Greg Mitchell is the author of a dozen books and now writer/director of award-winning films. He was also a longtime editor of the legendary Crawdaddy.
For some of us, The Last Waltz peaks at the very beginning, over the opening credits, as the boys deliver a fervid, Levon-driven, rendition of the early Marvin Gaye hit (not his biggest by any means) “Baby, Don’t You Do It.” It some ways that’s not so strange. Most of you may forget that the song, in fact, was the final number that night in San Francisco and the climax of the epic concert and the original group’s suddenly concluded concert career.
It had been a staple of the group’s live shows since some time in 1970 (just a little after I saw them in Buffalo in 1969).

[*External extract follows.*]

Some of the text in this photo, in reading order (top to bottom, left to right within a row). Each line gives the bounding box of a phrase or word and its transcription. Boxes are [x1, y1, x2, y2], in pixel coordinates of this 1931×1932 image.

It appeared in its entirety—The Last Waltz version was edited a good bit—in the classic Rock of Ages live album that captured their gigs at the seedy Academy of Music in NYC, where I had caught one of the shows. Both there, and in the Waltz rendition, the typically genius Allen Toussaint horn arrangements shone.

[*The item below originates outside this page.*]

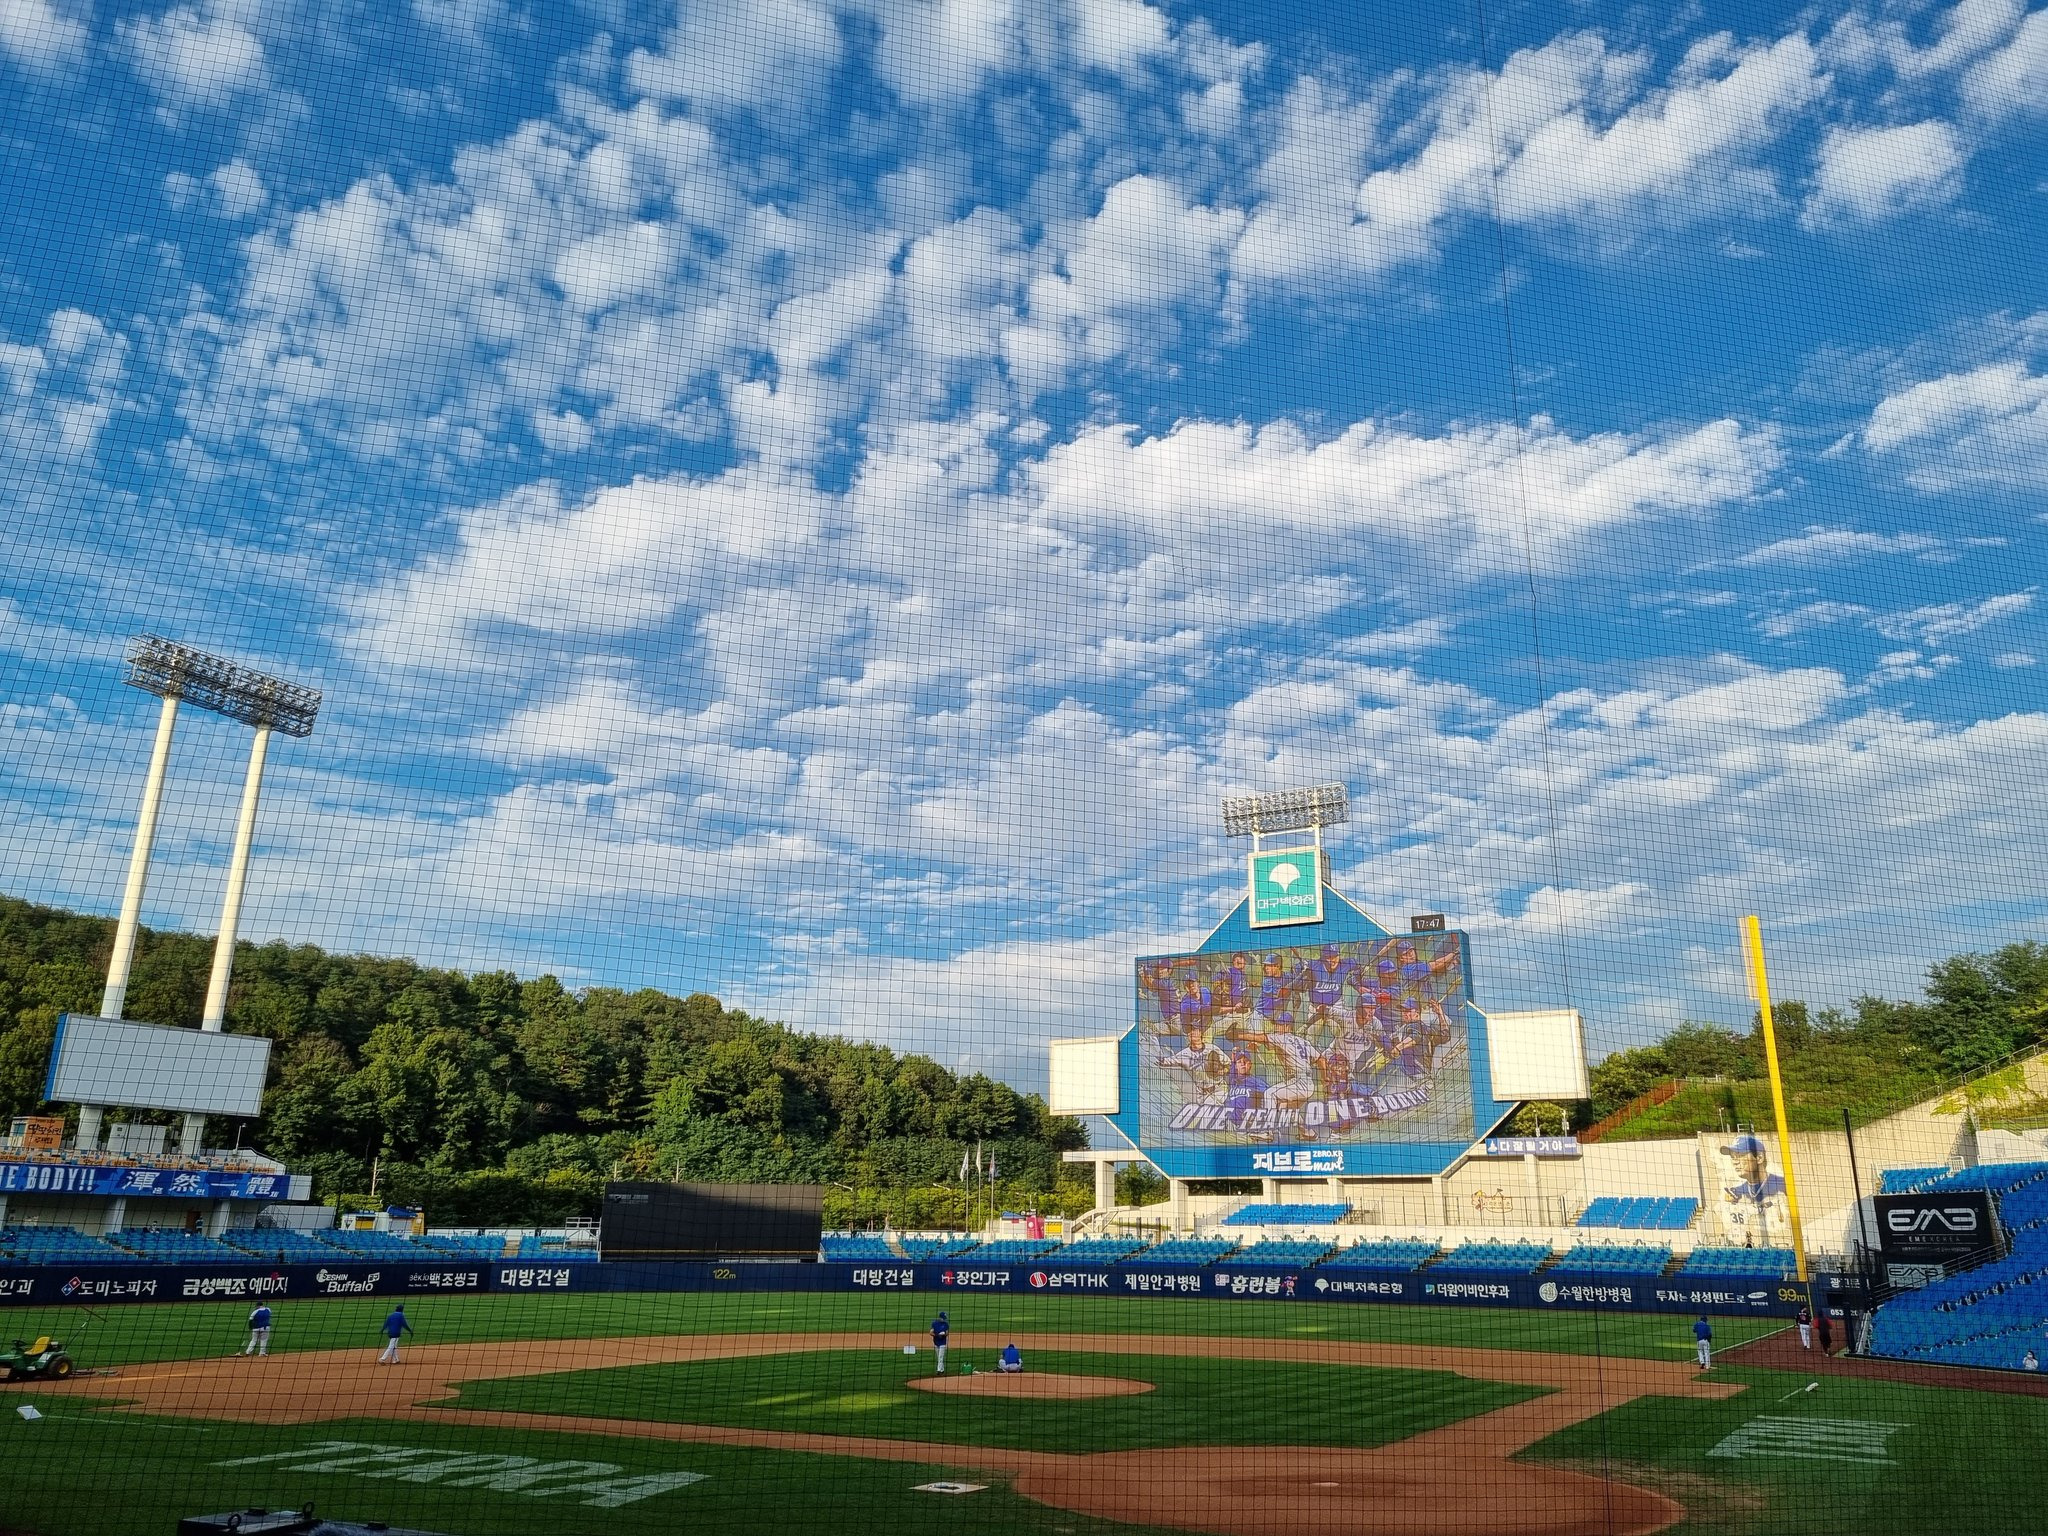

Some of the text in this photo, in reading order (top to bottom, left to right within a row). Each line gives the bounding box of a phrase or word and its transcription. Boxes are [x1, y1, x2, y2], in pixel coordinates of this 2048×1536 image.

So below we have the Marvin original, the Last Waltz opener and then the little- seen Scorcese B & W from the audience at that show, plus covers by The Who and Tedeschi-Trucks. Then a tribute to Tom Verlaine, R.I.P., and Cartoon of the Day. Please subscribe, it’s still free.
Only decades later did we learn that Marty Scorcese had a camera in the audience shooting it all on B&W. Here’s “Don’t Do It.”
The Who recorded an 8-minute version with Mountain man Leslie West on lead guitar, not released until later.
Tedeschi Trucks
Television Man
Tom Verlaine died yesterday at the age of 73. I’m old enough to have seen his group Television at CBGBs in mid-70s, though I was more of a Heads and Patti Smith guy. Anyway, below is his enormously influential title track (with his guitar stylings) from debut lp, which I still have on vinyl.
Plus: Was happy to see an article referring to a 1976 article on Tom that I edited at Crawdaddy as “infamous,” re: Verlaine claimed many of Television’s ideas for the own debut album, particularly for dynamics, ended up on Roxy Music’s Siren album of 1975. In an infamous interview with Crawdaddy magazine in 1976, Verlaine railed: “It happens a lot, especially with the English… I mean they ripped off a whole fucking artform from Americans.”
Our writer, George Elliott, posted part of transcript online awhile back, here is more on that subject:
I mean I like Eno, I like his records... The bad thing about it is there was a very uncool A&R guy who took the tapes back to London and played 'em for every fucking artist on Island Records, so-& like I tell that to people but they don't believe it, it happens a lot, especially with the English... I mean they ripped off a whole fucking artform from Americans. And their whole esthetic is like if they hear something that's good it just sorta comes in their ear and goes out their mouth y'know-and most of 'em have the means to like set something on vinyl really quickly, crank out the stuff, so yeah, so there's a lot of lines that are on our record (MM) that might strike some people as familiar even though the songs are like 4 years old...specifically, a lot of the lines turned up on Roxy Music's SIREN record-at least a dozen! Some I got so distressed about I said 'Well FUCK! -if he's gonna take THESE lines! I mean how can I prove it, I can't prove it, right? But you know.…
and then we had, the song 'Venus de Milo' the whole subject of it is Love is a drug, I mean there's even a line in it "It's all just like a new kind of drug" --and then there's this Roxy song (chuckling) on SIREN 'Love is the Drug'! ... Bryan Ferry's known as a thief y'know, everybody sort of knows it...
I love this. I had forgotten about Marvin Gaye’s exciting version. Now the sequence snd aging of my musical evolution - from glorious soul to deep funk - makes perfect sense. Thanks!